#### DATA UNDER STUDY

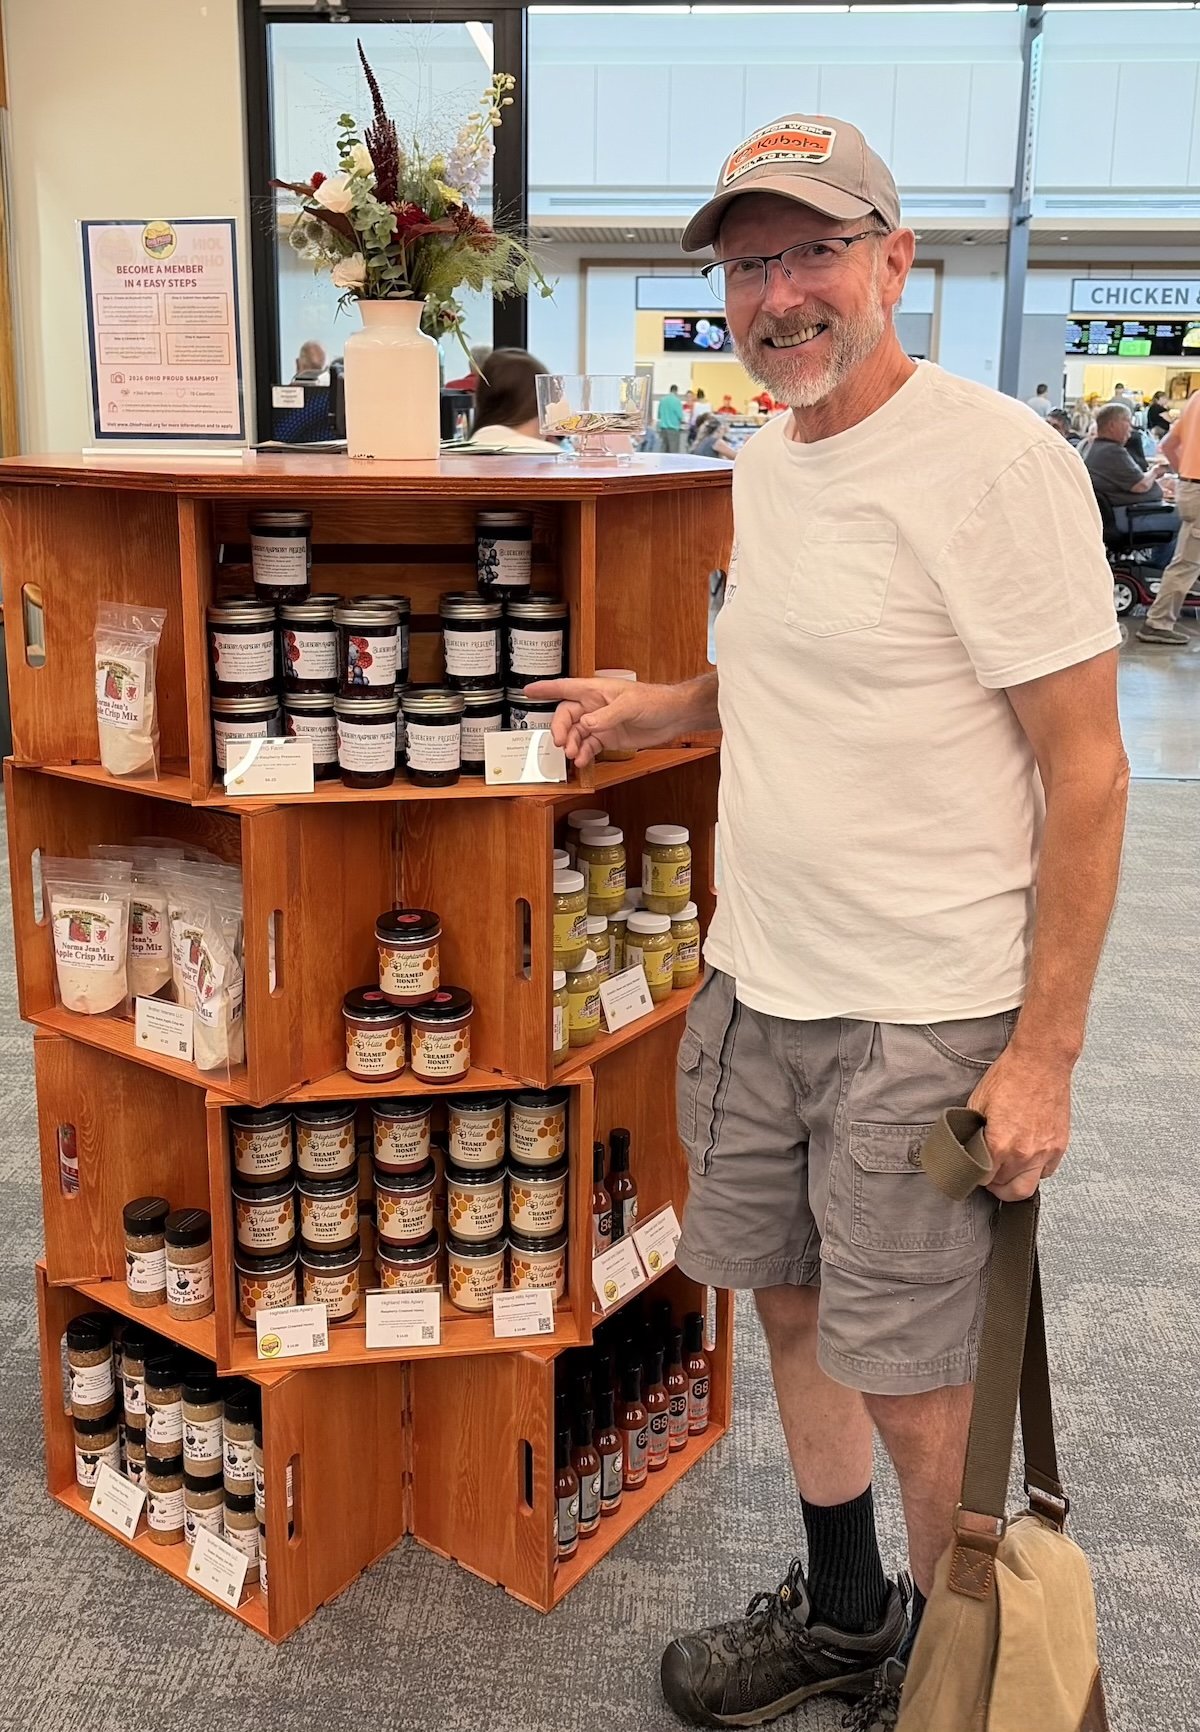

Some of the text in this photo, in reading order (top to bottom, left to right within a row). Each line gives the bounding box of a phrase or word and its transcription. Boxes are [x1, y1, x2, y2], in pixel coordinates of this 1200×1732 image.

[789, 124, 824, 134] WORK
[757, 135, 823, 149] Kubota
[116, 266, 154, 274] BECOME
[164, 265, 204, 273] MEMBER
[124, 280, 197, 288] IN 4 EASY STEPS
[1091, 288, 1189, 305] CHICKEN
[105, 708, 138, 721] Crisp Mix
[62, 942, 106, 953] Norma Jean's
[146, 943, 162, 951] Mix
[75, 951, 95, 962] Crisp
[513, 1132, 539, 1142] CREAMED
[515, 1139, 534, 1148] HONEY
[251, 1150, 283, 1159] CREAMED
[256, 1156, 279, 1165] HONEY
[398, 1214, 427, 1224] CREAMED
[471, 1211, 499, 1220] CREAMED
[470, 1283, 498, 1292] CREAMED
[694, 1381, 709, 1395] 88
[670, 1399, 686, 1410] 88
[652, 1416, 668, 1430] 88

########

EXERCISE REQUIREMENTS —
Transcribe each line above verbatim, with the pictures left out.

RESULT OF THIS EXERCISE —
Some of the text in this photo, in reading order (top to bottom, left to right within a row). Each line gives the bounding box of a phrase or word and its transcription. Boxes are [x1, y1, x2, y2], in pixel coordinates of this 1200×1732 image.

[789, 124, 824, 134] WORK
[757, 135, 823, 149] Kubota
[116, 266, 154, 274] BECOME
[164, 265, 204, 273] MEMBER
[124, 280, 197, 288] IN 4 EASY STEPS
[1091, 288, 1189, 305] CHICKEN
[105, 708, 138, 721] Crisp Mix
[62, 942, 106, 953] Norma Jean's
[146, 943, 162, 951] Mix
[75, 951, 95, 962] Crisp
[513, 1132, 539, 1142] CREAMED
[515, 1139, 534, 1148] HONEY
[251, 1150, 283, 1159] CREAMED
[256, 1156, 279, 1165] HONEY
[398, 1214, 427, 1224] CREAMED
[471, 1211, 499, 1220] CREAMED
[470, 1283, 498, 1292] CREAMED
[694, 1381, 709, 1395] 88
[670, 1399, 686, 1410] 88
[652, 1416, 668, 1430] 88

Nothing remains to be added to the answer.